Павлова: Это не совсем то. Для меня существует пока только книжка Михаила Эпштейна «Отцовство», которую можно было бы верлибром записать, потому что это, конечно, поэзия в прозе. Но стихов, которые можно было бы положить на другую чашу весов, со стороны мужчины, стихов, где он нарочно берет женщину, чтобы она ему родила, а потом впервые берет на руки невесомый сверток, я не читала. Где стихи про присутствие при родах? Сейчас вообще каждый отец присутствует при родах. И поэты, наверное, тоже там бывали. Где об этом стихи, спрашиваю я?

Кучерская: Можно добавить про внучку — «Софья», цикл Анатолия Найман. Про внучку очень нежные стихи существуют. А про дочку — что-то я тоже не знаю. Это такое сильное переживание. Судя по тому, что потом говорят мужчины, присутствовавшие на родах.

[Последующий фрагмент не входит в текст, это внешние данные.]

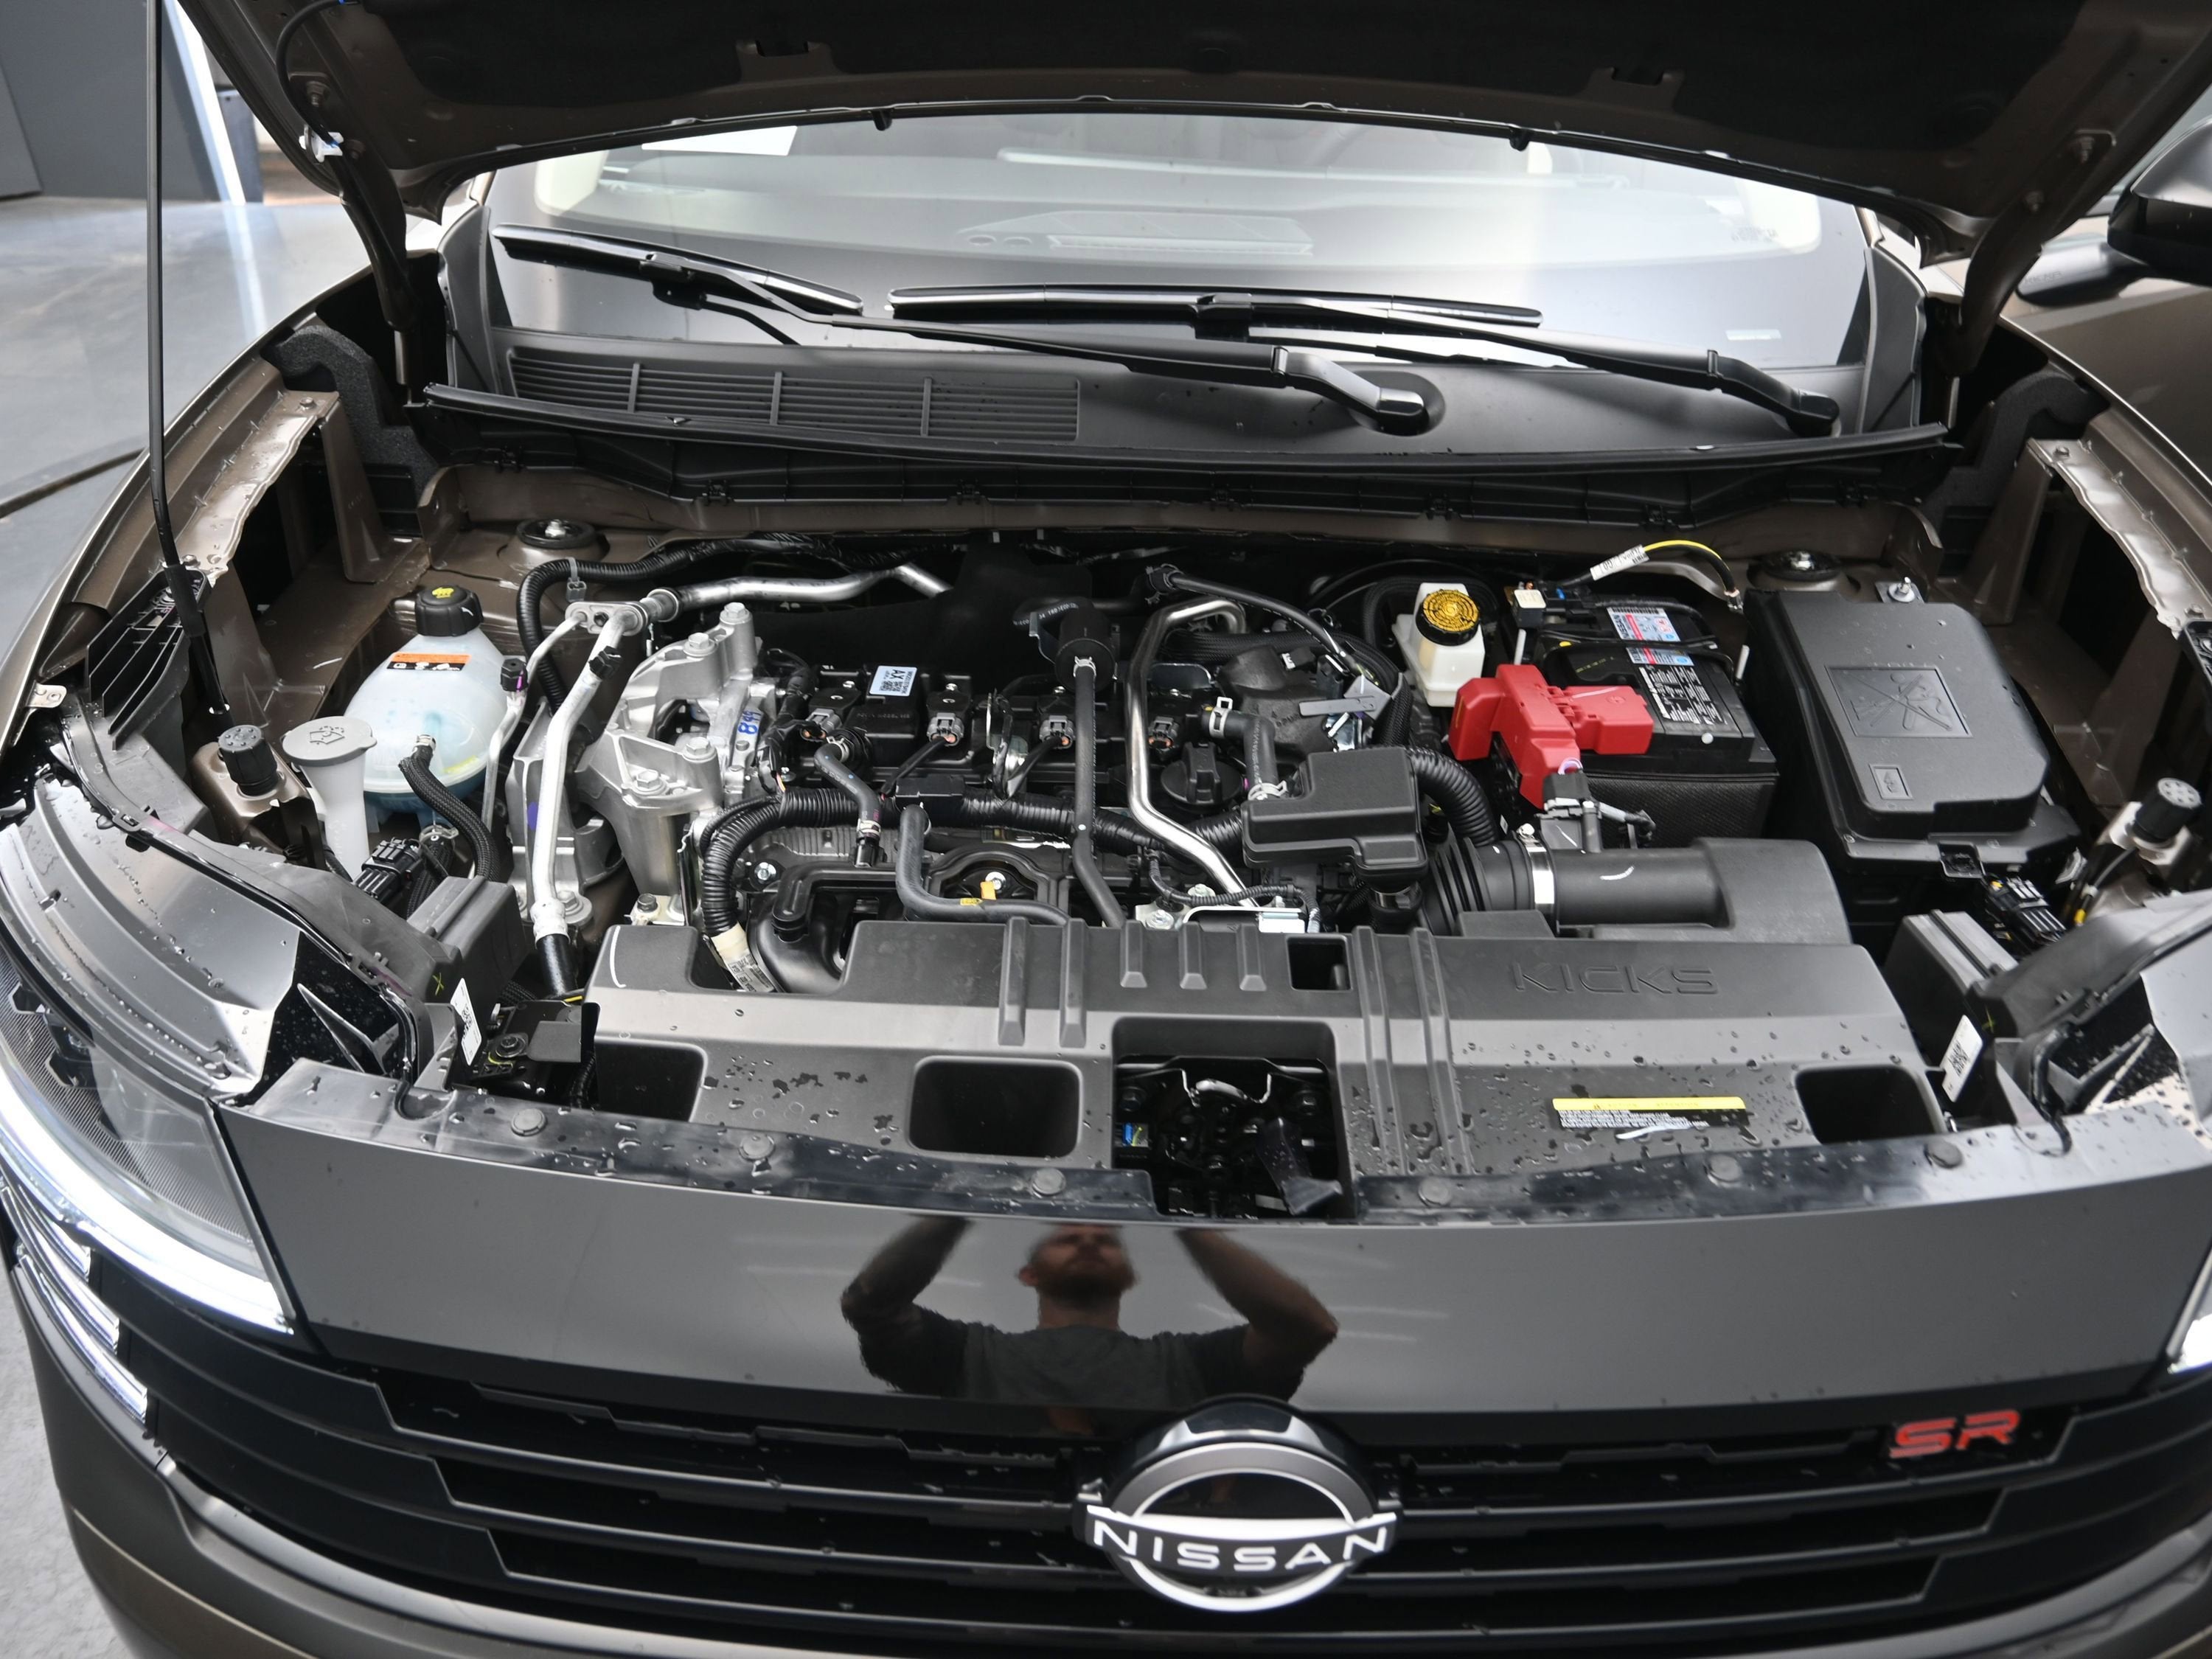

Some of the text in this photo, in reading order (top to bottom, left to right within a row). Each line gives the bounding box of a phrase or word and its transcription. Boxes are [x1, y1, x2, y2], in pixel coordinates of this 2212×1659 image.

Павлова: Поскольку мы знаем, что поэзия — это охота за ресурсами, то подскажите знакомым поэтам-мужикам: такая целина... 

Лекманов: Дорогие поэты-мужчины, я надеюсь, что вы уже взялись за книгу и начинаете писать стихотворение! Спасибо большое. Замечательно, что здесь обозначились два полюса — ретроградности и прогрессивности — в лице меня и Михаила. А что касается Шкапской — она читала свои стихи публично. Ссора с Гумилёвым произошла после того, как она на эстраде прочитала стихотворение про наследника, записанное в столбик. Мне кажется важным сказать, что мне, Вера, очень понравилось то, что вы сказали, но, кроме того, есть тема того, что мужчина перестает быть интересным. Она к нему обращается, она так его воспевает, она так о нем говорит высоко, но, как только он исполнил свое предназначение, «вот дитя мое, и наше», он перестает существовать в ее стихотворении. Михаил обещал это и, кажется, не сказал — дальше его нет. Это мостик, чтобы сказала что-то Майя Кучерская. 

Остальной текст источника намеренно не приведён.